On Thu, 16 Jun 2005, Joel Gwynn wrote:

> When you get right down to it, this Boston "neighborhood" thing is 
> just confusing.  I work in Dorchester but management likes to put 
> "Boston" on the stationary, which is confusing because there's an 
> identical address in Boston proper, just with a different zip code. 
> Are there any other cities that have similar naming schizophrenia?

Sure, I imagine it happens all over the place. 

As has been noted in other comments in this thread, big towns assimilate 
smaller towns all the time, so current neighborhood names are often the 
names of formerly independent political entities. 

But then, it's not even always assimilation. People all over the world 
know that Harvard Square is in Cambridge, Massachusetts, but it isn't, 
as far as I know, a formal geographic boundary in any useful sense -- 
it's just a district in that part of Cambridge. But then maybe I'm 
revealing some ignorance here, as I've lived in the Boston area since I 
was a kid and yet I still don't actually know what "square" is really 
meant by the trm "Harvard Square" -- I've always assumed that it's 
centered on the T station, but that's not actually on Harvard's campus, 
hence the ambiguity. 

At $past_job, some of my coworkers were working on a real estate site. 
For this, they had to be able to handle all kinds of random input from 
people that, whether or not it was on any formal map, did in fact denote 
a perfectly well understood geographic area. 
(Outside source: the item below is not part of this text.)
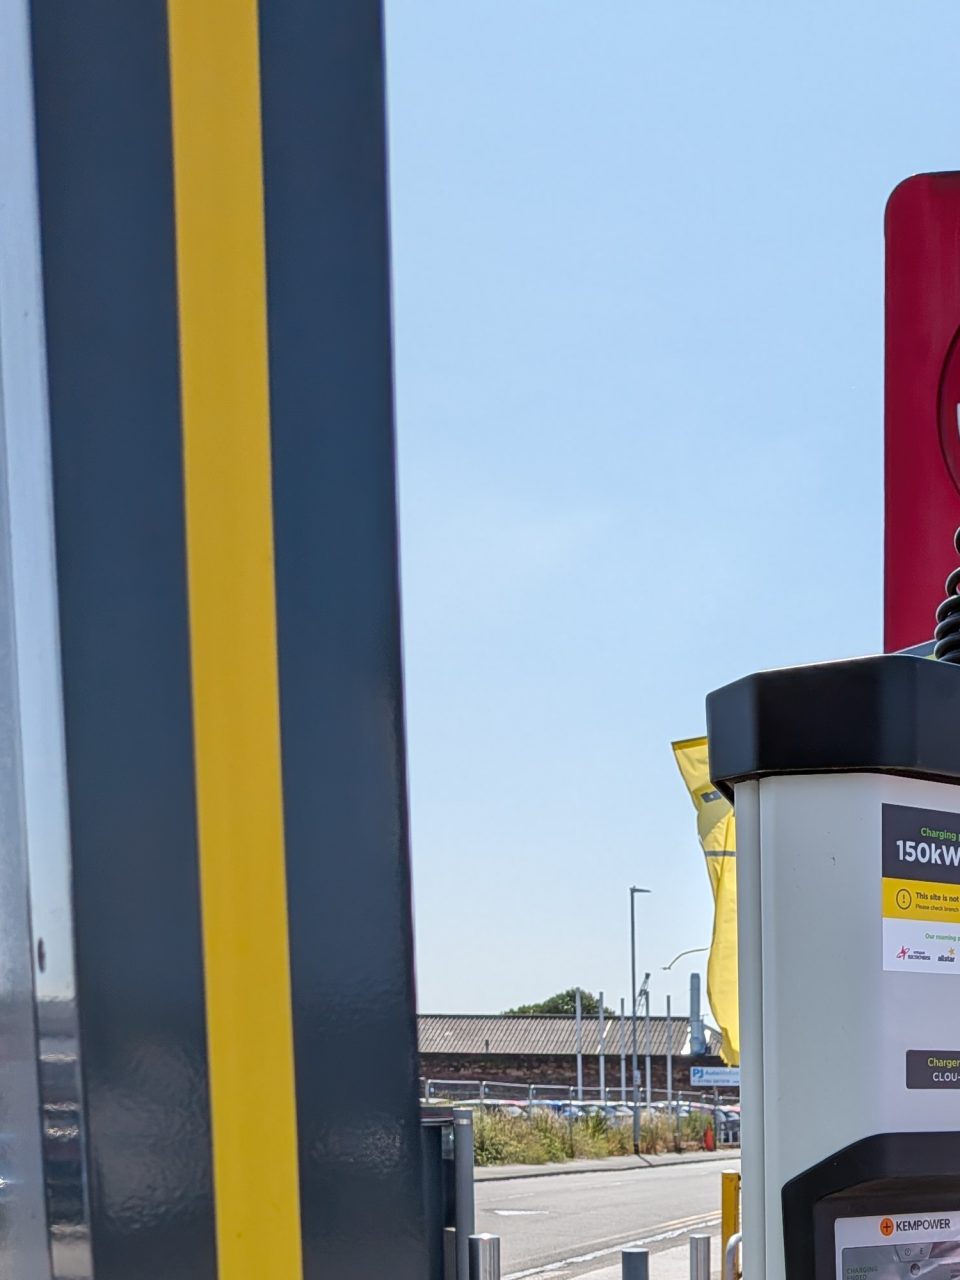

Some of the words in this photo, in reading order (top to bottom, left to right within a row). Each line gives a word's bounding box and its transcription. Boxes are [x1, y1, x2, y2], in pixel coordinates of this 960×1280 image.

Harvard Square. Union Square. Mark Sandman Square. Financial District. 
Theatre District. Leather District. Back Bay. Fort Point. South End. 
World's End. Greenbush. Queen Anne's Corner. Four Corners. Assinippi. 
Minot. Humarock. Silver Lake. Cedarville. Just to name a few.

All of these are definite places in or around Boston or southeastern 
Massachusetts, but none of them is an actual town or city. But if you 
put any of them on an envelope, the mail will very probably get to its 
intended destination, and if you put any of them into a search string on 
a real estate site, it has to return results for that area.

My impression is that dealing with all these varying names for the same 
places was the main impetus for setting up the ZIP code system in the 
first place. As long as you have the right ZIP code on an envelope, you 
can call your neighborhood Fatty Arbuckle for all the post office cares. 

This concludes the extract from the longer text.